## INFORMATION GIVEN
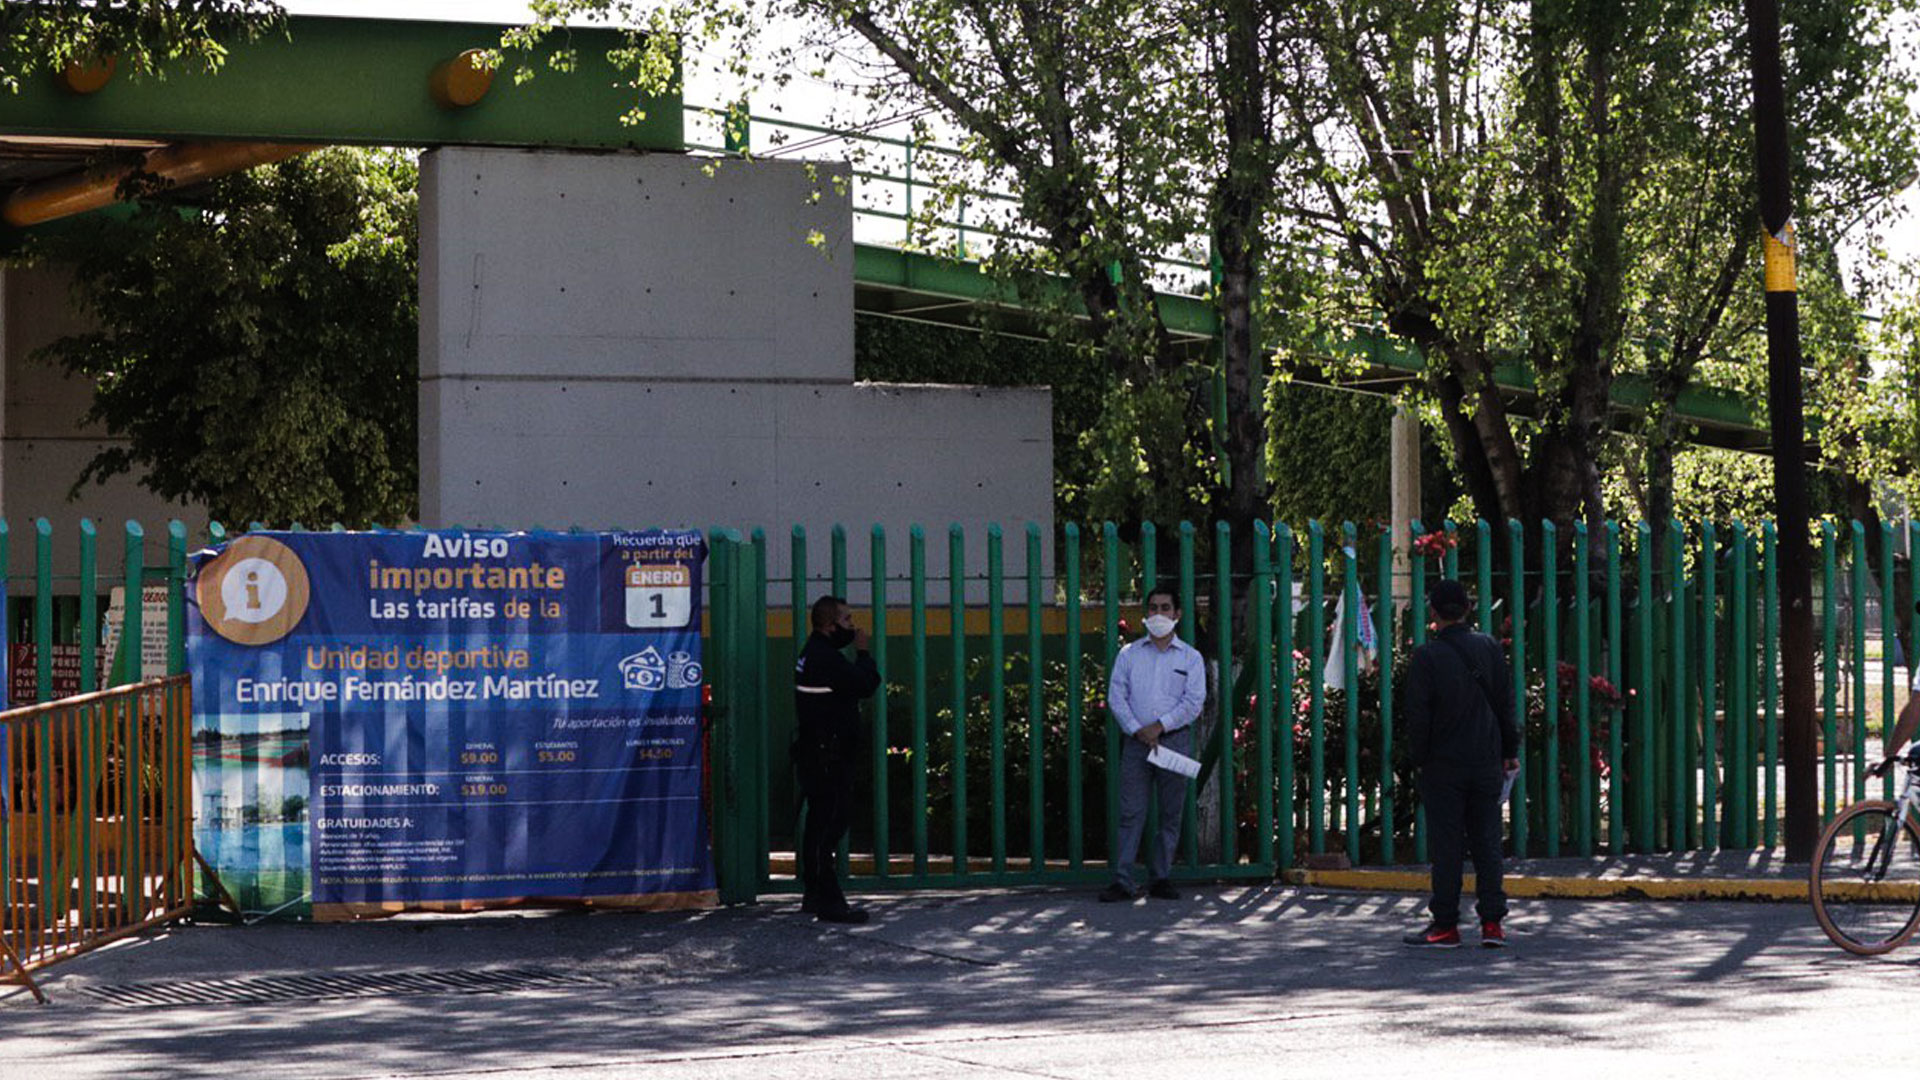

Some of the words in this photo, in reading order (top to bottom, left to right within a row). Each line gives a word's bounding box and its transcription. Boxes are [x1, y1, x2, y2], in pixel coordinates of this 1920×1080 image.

[422, 533, 509, 558] Aviso
[613, 534, 674, 548] Recuerda
[677, 536, 701, 551] que
[622, 551, 630, 561] a
[634, 549, 670, 562] partir
[673, 549, 694, 560] del
[369, 560, 566, 597] importante
[632, 571, 684, 585] ENERO
[370, 598, 410, 619] Las
[417, 597, 496, 619] tarifas
[504, 597, 531, 619] de
[540, 597, 561, 618] la
[649, 593, 667, 618] 1
[306, 646, 400, 670] Unidad
[405, 645, 530, 675] deportiva
[236, 677, 337, 706] Enrique
[345, 674, 477, 701] Fernández
[483, 674, 600, 699] Martínez
[320, 753, 382, 766] ACCESOS:
[320, 783, 441, 797] ESTACIONAMIENTO:
[318, 817, 401, 829] GRATUIDADES
[402, 817, 415, 828] A:
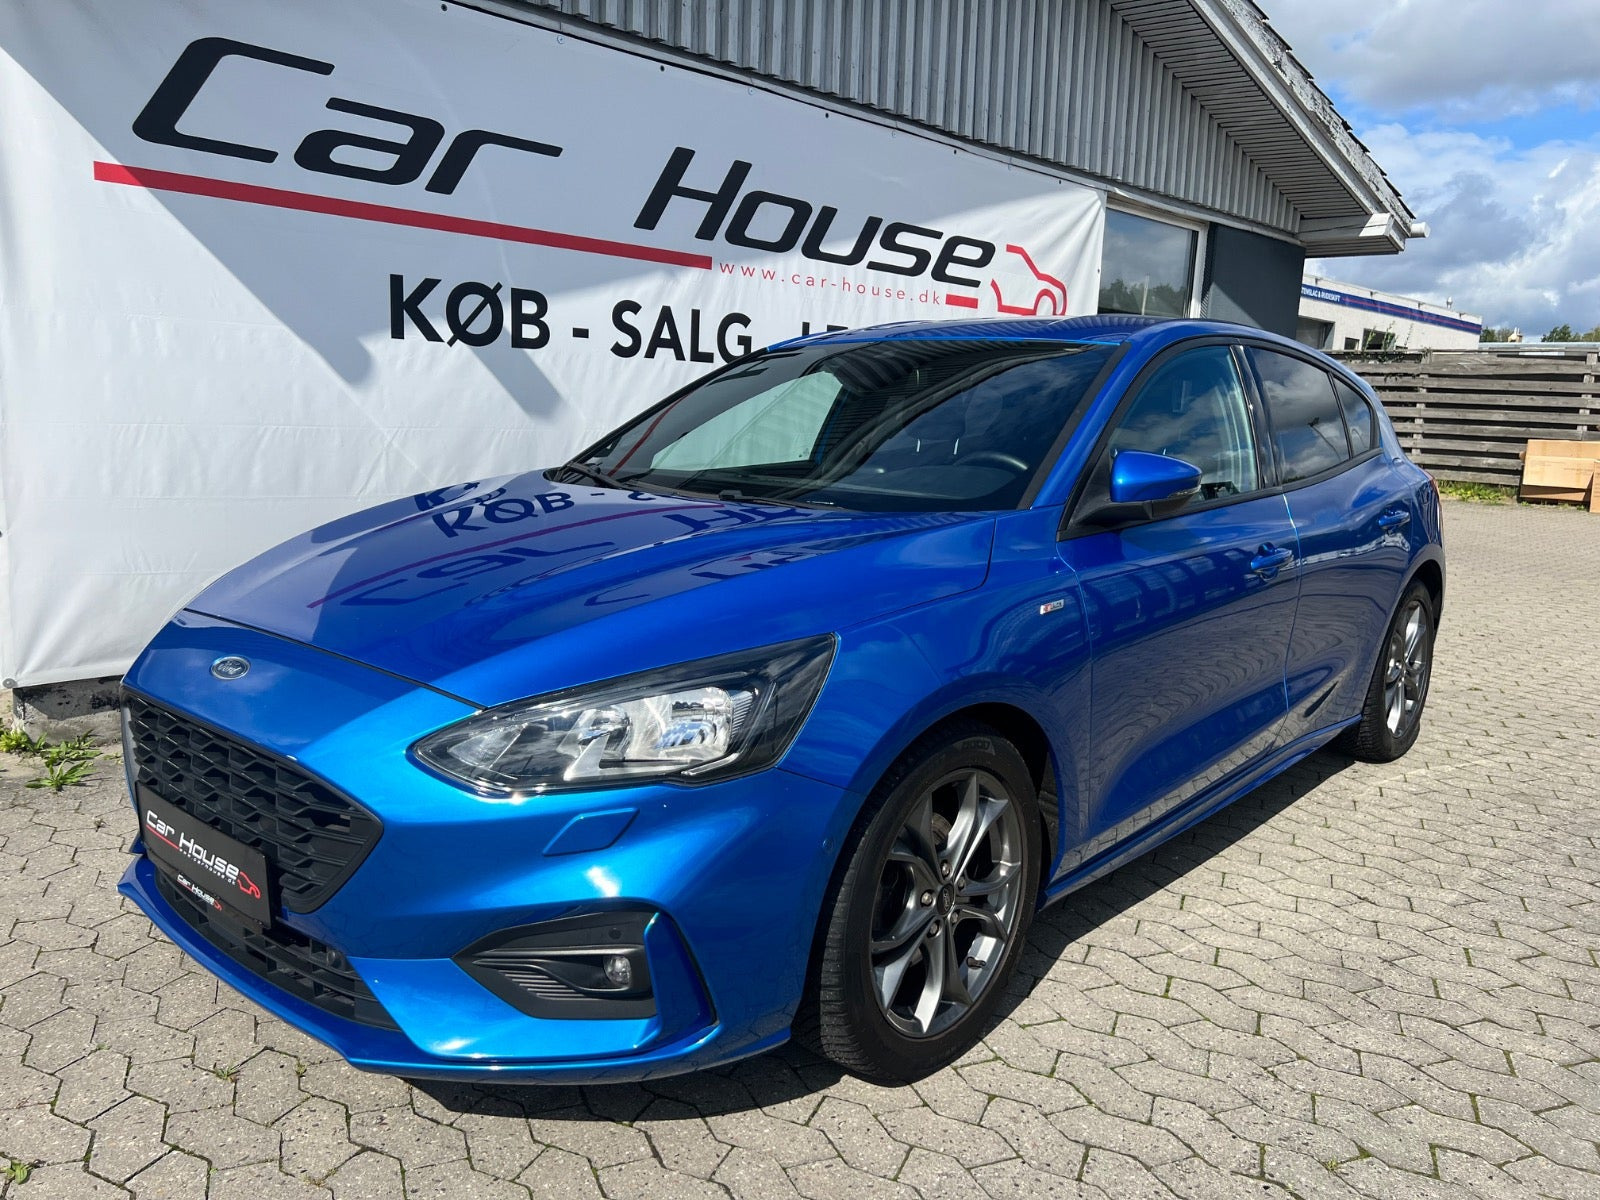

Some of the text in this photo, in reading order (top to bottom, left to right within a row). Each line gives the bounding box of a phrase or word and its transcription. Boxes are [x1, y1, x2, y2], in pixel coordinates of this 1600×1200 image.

[132, 37, 996, 289] Car House
[389, 273, 551, 350] KØB
[609, 299, 752, 364] SALG
[719, 262, 941, 305] www.car-house.dk
[146, 810, 240, 881] Car House
[177, 874, 215, 906] Car House
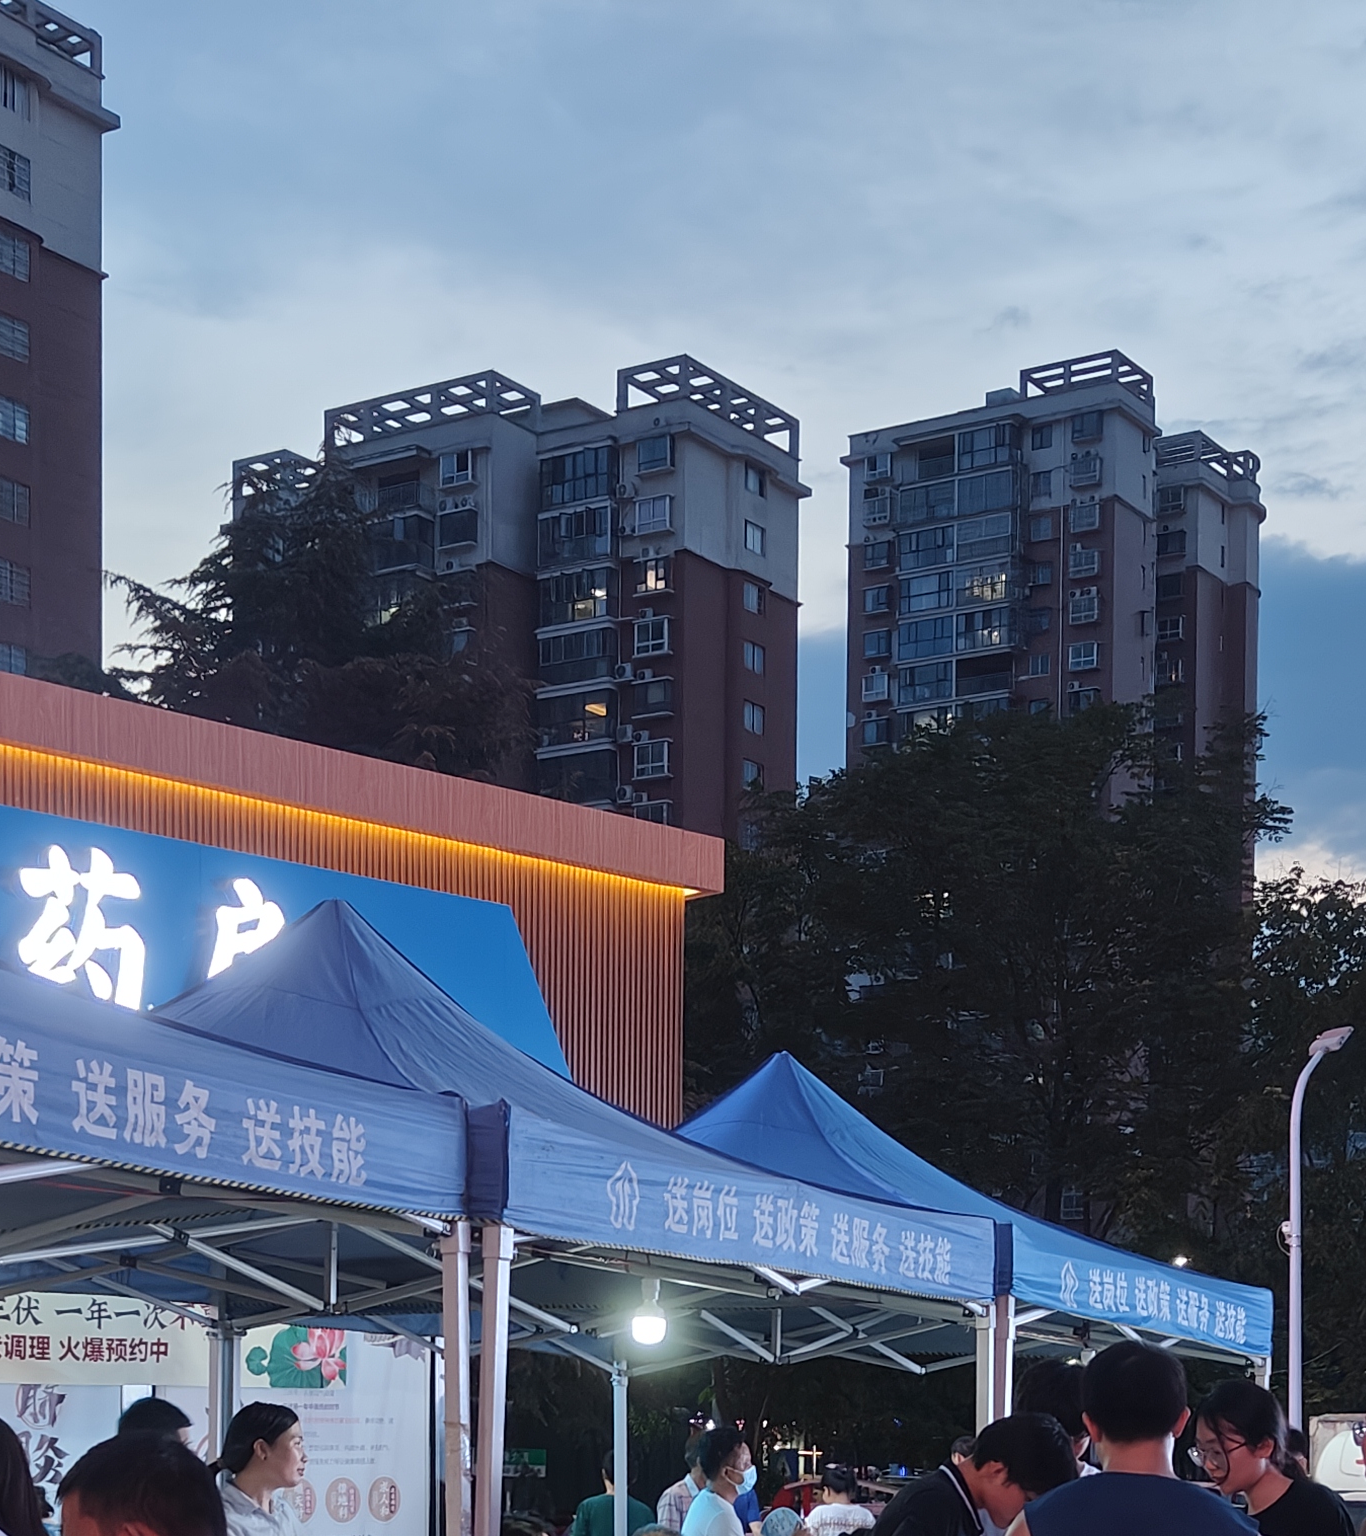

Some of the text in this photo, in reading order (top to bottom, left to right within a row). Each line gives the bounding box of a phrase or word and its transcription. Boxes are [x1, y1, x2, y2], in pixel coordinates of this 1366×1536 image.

[71, 1058, 216, 1159] 送服务
[241, 1097, 368, 1186] 送技能
[664, 1174, 953, 1286] 送岗位 送政策 送服务 送技能
[59, 1336, 170, 1364] 火爆预约中
[1088, 1268, 1248, 1345] 送岗位 送政策 送服务 送技能

## WHAT THE TASK ASKS
No pictures should appear in the copy. Print exactly the lines above from the line containing "this 1600×1200 image." through the last line of the data.

## WRITTEN RESPONSE
Some of the text in this photo, in reading order (top to bottom, left to right within a row). Each line gives the bounding box of a phrase or word and its transcription. Boxes are [x1, y1, x2, y2], in pixel coordinates of this 1600×1200 image.

[132, 37, 996, 289] Car House
[389, 273, 551, 350] KØB
[609, 299, 752, 364] SALG
[719, 262, 941, 305] www.car-house.dk
[146, 810, 240, 881] Car House
[177, 874, 215, 906] Car House

Some of the text in this photo, in reading order (top to bottom, left to right within a row). Each line gives the bounding box of a phrase or word and its transcription. Boxes are [x1, y1, x2, y2], in pixel coordinates of this 1366×1536 image.

[71, 1058, 216, 1159] 送服务
[241, 1097, 368, 1186] 送技能
[664, 1174, 953, 1286] 送岗位 送政策 送服务 送技能
[59, 1336, 170, 1364] 火爆预约中
[1088, 1268, 1248, 1345] 送岗位 送政策 送服务 送技能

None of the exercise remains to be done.